Sin embargo, la vida del capitán Gerd Wiesler cambiará drásticamente cuando se le asigne espiar al escritor Georg Dreyman (Sebastien Koch) y a su novia, la popular actriz Christa-Maria Sieland (Martina Gedek). Georg como la mayoría de sus amigos intelectuales no cree en el régimen, pero está bajo el yugo de un poder omnipresente que es capaz de quitarle sus dos pasiones: la escritura de obras de teatro y a su mujer. Análogo miedo está enraizado en Christa-Maria, que se acuesta con el ministro coaccionada por el miedo a perder su carrera artística, su vocación.



Tal y como ha hecho siempre, Wiesler se dedica con ahínco a la misión que le ha sido encomendada. Para ello llena de micrófonos todo el apartamento de Dreyman y se instala en el piso superior para escuchar diariamente la vida de esta pareja en busca de pruebas que demuestren su traición al Estado. He aquí una de las características fundamentales de la ideología: no importa la persona, sino la idea, el poder; de modo que todo debe confeccionarse para el control, y así todo el mundo está bajo sospecha. El ciudadano ya no es persona, ya no es un individuo único e inigualable, es una cosa más, algo objetivado por el poder estatal con el fin de disponer de él, de ordenarlo, de coaccionarlo, para que nada salga del marco del ideal absoluto. La libertad no es la condición para la felicidad y cumplimiento del hombre en tanto que capacidad de adhesión a aquello que cumple su vida, sino que deviene una libertad negativa, de opción dentro del muestrario preconfeccionado por el poder: se puede elegir lo que el poder diga que se puede elegir, lo demás no existe, o no debe existir.
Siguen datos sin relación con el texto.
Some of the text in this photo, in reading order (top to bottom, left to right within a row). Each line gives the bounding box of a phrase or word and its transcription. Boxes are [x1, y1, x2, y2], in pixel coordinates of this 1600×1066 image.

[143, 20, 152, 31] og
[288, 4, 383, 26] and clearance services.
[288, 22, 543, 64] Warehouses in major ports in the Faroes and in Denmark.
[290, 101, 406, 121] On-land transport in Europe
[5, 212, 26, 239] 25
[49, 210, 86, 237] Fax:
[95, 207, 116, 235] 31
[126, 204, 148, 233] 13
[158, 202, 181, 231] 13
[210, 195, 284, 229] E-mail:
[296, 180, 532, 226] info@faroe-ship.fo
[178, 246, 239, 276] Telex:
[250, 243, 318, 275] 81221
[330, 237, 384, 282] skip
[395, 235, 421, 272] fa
Como ya dijo Orwell “todo lo que no es obligatorio está prohibido”.

Con todo, a medida que Wiesler se introduce más en la vida de Dreyman y su novia, su forma de ver y tratar todo lo que le rodea va cambiando. El contacto con la belleza y una vida verdadera despierta en Wiesler la nostalgia por algo que llene su vida, ya que se da cuenta que el comunismo no puede dar respuesta a lo que él es ni a lo que su corazón desea. Vemos un ejemplo claro en un momento de la película en el que tras escuchar cómo Dreyman y su novia mantienen relaciones sexuales, al volver a casa Wiesler solicita los servicios de una prostituta, en un intento torpe de tener un poco de aquella vida que ha visto. De hecho se da cuenta que sólo el sexo no le es suficiente y le pide a la prostituta que se quede un rato más con él. Su respuesta es que otro día reserve más tiempo ya que tiene que atender a otros clientes del estado. Es lo que tienen los sucedáneos, que nunca son como el original.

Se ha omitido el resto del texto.